Look for the line containing "Some of the text" in the entries below, then print that line and all that follow it exactly.
*** Block opens ***
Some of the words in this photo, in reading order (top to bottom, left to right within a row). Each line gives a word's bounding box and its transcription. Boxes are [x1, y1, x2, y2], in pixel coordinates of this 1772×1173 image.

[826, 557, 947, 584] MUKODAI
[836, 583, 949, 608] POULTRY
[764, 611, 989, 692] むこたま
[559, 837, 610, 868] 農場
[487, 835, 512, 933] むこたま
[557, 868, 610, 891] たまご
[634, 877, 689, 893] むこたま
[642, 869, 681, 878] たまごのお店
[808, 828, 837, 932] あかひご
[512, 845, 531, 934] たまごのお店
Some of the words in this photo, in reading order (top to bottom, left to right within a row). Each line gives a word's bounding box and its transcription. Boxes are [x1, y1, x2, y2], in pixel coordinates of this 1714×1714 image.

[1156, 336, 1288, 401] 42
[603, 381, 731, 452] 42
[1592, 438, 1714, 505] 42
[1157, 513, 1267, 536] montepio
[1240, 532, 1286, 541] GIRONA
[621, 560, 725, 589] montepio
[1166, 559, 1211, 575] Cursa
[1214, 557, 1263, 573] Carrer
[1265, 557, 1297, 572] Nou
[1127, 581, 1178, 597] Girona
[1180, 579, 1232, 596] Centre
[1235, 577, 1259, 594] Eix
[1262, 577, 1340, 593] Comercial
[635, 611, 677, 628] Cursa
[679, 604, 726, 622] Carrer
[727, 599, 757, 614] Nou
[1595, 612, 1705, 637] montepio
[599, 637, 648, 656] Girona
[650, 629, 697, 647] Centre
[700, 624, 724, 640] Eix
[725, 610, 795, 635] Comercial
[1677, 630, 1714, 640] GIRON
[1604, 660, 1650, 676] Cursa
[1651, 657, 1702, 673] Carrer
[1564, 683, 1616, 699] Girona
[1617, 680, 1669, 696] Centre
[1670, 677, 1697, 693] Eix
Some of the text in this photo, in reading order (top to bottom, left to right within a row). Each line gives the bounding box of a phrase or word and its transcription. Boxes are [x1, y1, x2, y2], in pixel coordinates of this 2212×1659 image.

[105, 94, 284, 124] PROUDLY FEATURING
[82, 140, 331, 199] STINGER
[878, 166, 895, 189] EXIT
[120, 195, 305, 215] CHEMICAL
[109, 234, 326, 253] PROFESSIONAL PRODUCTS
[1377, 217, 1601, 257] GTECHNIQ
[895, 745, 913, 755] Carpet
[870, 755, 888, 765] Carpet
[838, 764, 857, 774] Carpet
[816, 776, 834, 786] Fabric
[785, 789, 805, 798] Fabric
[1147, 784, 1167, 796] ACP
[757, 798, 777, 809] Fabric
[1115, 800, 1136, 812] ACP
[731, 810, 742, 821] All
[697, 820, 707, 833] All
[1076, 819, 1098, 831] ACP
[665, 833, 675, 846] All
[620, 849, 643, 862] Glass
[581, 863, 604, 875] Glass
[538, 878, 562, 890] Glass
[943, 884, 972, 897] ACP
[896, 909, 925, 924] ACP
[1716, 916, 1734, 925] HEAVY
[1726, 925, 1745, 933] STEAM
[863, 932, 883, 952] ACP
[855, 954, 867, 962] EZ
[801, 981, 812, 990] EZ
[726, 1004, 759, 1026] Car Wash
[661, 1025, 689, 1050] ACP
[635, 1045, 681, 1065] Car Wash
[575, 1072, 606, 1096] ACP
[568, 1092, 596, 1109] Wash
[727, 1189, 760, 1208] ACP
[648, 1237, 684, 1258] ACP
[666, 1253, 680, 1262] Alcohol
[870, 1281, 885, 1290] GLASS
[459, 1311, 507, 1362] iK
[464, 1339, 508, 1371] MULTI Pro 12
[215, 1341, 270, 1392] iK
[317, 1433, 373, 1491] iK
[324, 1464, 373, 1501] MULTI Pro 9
*** Block closes ***
| Expected output |
Some of the text in this photo, in reading order (top to bottom, left to right within a row). Each line gives the bounding box of a phrase or word and its transcription. Boxes are [x1, y1, x2, y2], in pixel coordinates of this 2212×1659 image.

[105, 94, 284, 124] PROUDLY FEATURING
[82, 140, 331, 199] STINGER
[878, 166, 895, 189] EXIT
[120, 195, 305, 215] CHEMICAL
[109, 234, 326, 253] PROFESSIONAL PRODUCTS
[1377, 217, 1601, 257] GTECHNIQ
[895, 745, 913, 755] Carpet
[870, 755, 888, 765] Carpet
[838, 764, 857, 774] Carpet
[816, 776, 834, 786] Fabric
[785, 789, 805, 798] Fabric
[1147, 784, 1167, 796] ACP
[757, 798, 777, 809] Fabric
[1115, 800, 1136, 812] ACP
[731, 810, 742, 821] All
[697, 820, 707, 833] All
[1076, 819, 1098, 831] ACP
[665, 833, 675, 846] All
[620, 849, 643, 862] Glass
[581, 863, 604, 875] Glass
[538, 878, 562, 890] Glass
[943, 884, 972, 897] ACP
[896, 909, 925, 924] ACP
[1716, 916, 1734, 925] HEAVY
[1726, 925, 1745, 933] STEAM
[863, 932, 883, 952] ACP
[855, 954, 867, 962] EZ
[801, 981, 812, 990] EZ
[726, 1004, 759, 1026] Car Wash
[661, 1025, 689, 1050] ACP
[635, 1045, 681, 1065] Car Wash
[575, 1072, 606, 1096] ACP
[568, 1092, 596, 1109] Wash
[727, 1189, 760, 1208] ACP
[648, 1237, 684, 1258] ACP
[666, 1253, 680, 1262] Alcohol
[870, 1281, 885, 1290] GLASS
[459, 1311, 507, 1362] iK
[464, 1339, 508, 1371] MULTI Pro 12
[215, 1341, 270, 1392] iK
[317, 1433, 373, 1491] iK
[324, 1464, 373, 1501] MULTI Pro 9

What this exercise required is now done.